Dual modulation of cell survival and cell death by β2-adrenergic signaling in adult mouse cardiac myocytes

The goal of this study was to determine whether beta (1)-adrenergic receptor (AR) and beta (2)-AR differ in regulating cardiomyocyte survival and apoptosis and, if so, to explore underlying mechanisms. One potential mechanism is that cardiac beta (2)-AR can activate both G(s) and G(i) proteins, whereas cardiac beta (1)-AR couples only to G(s). To avoid complicated crosstalk between beta -AR subtypes, we expressed beta (1)-AR or beta (2)-AR individually in adult beta (1)/beta (2)-AR double knockout mouse cardiac myocytes by using adenoviral gene transfer. Stimulation of beta (1)-AR, but not beta (2)-AR, markedly induced myocyte apoptosis, as indicated by increased terminal deoxynucleotidyltransferase-mediated UTP end labeling or Hoechst staining positive cells and DNA fragmentation. In contrast, beta (2)-AR (but not beta (1)-AR) stimulation elevated the activity of Akt, a powerful survival signal; this effect was fully abolished by inhibiting G(i), C-beta gamma, or phosphoinositide 3 kinase (PI3K) with pertussis toxin, beta ARK-ct (a peptide inhibitor of G(beta gamma)), or LY294002, respectively.
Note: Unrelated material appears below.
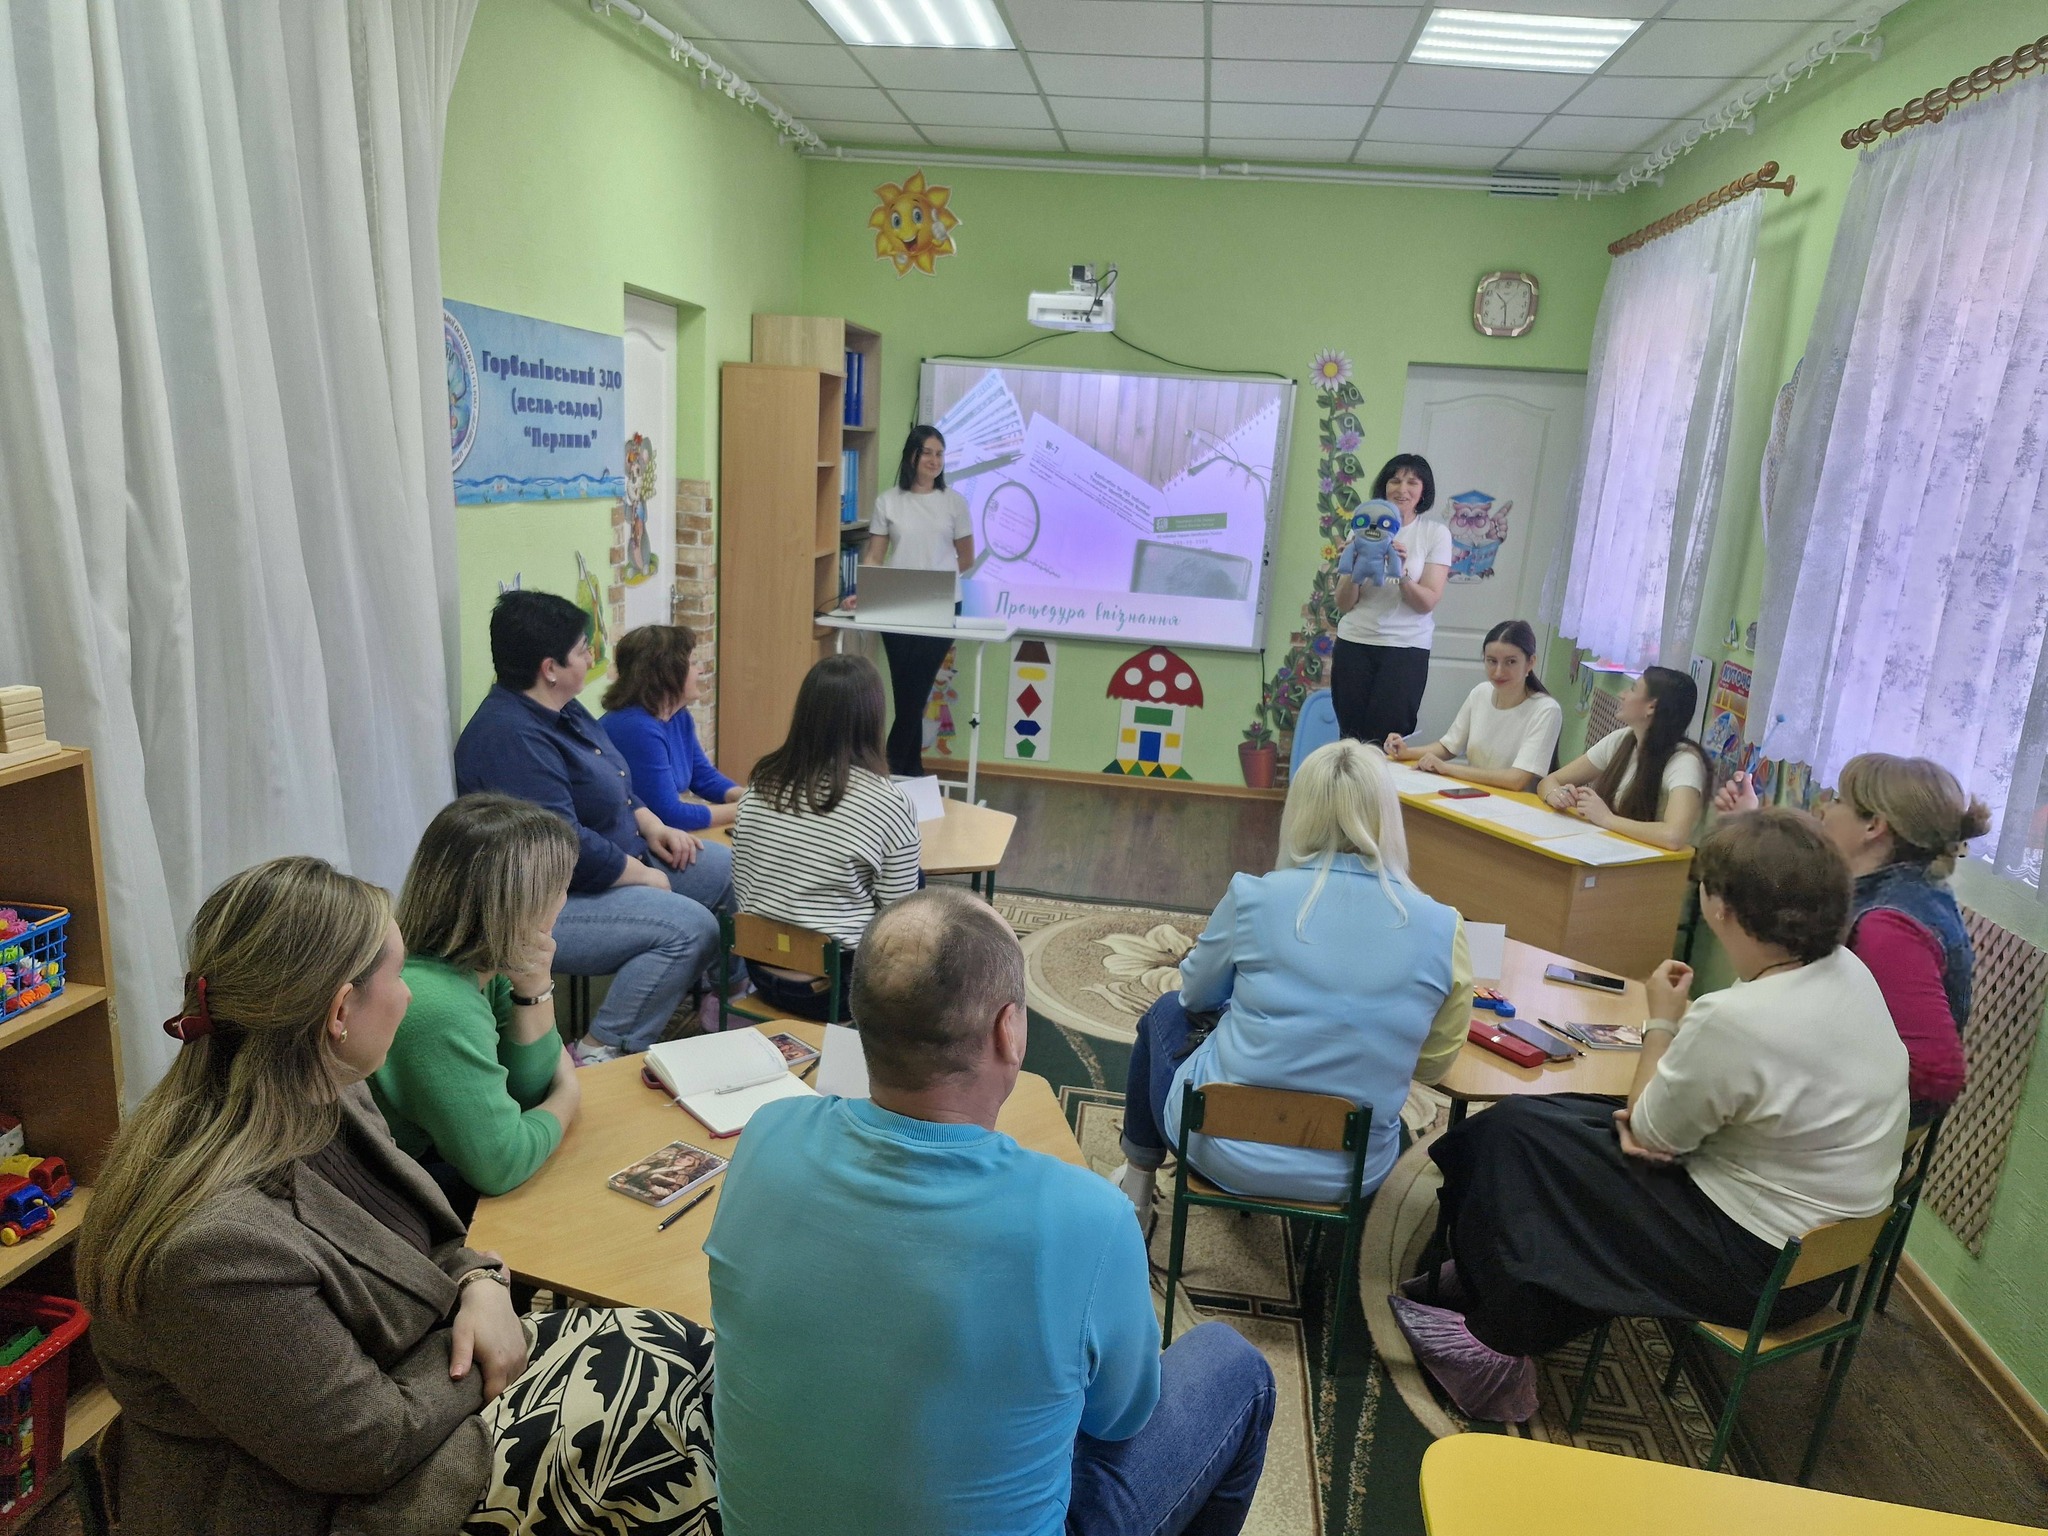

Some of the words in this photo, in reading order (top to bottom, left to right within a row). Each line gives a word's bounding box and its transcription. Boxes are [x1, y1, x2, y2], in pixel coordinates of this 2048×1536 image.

This indicates that beta (2)-AR activates Akt via a G(i)-G(beta gamma)-PI3K pathway. More importantly, inhibition of the G(i)-G beta gamma -PI3K-Akt pathway converts beta (2)-AR signaling from survival to apoptotic, Thus, stimulation of a single class of receptors, beta (2)-ARs, elicits concurrent apoptotic and survival signals in cardiac myocytes. The survival effect appears to predominate and is mediated by the G(i)-G(beta gamma)-PI3K-Akt signaling pathway.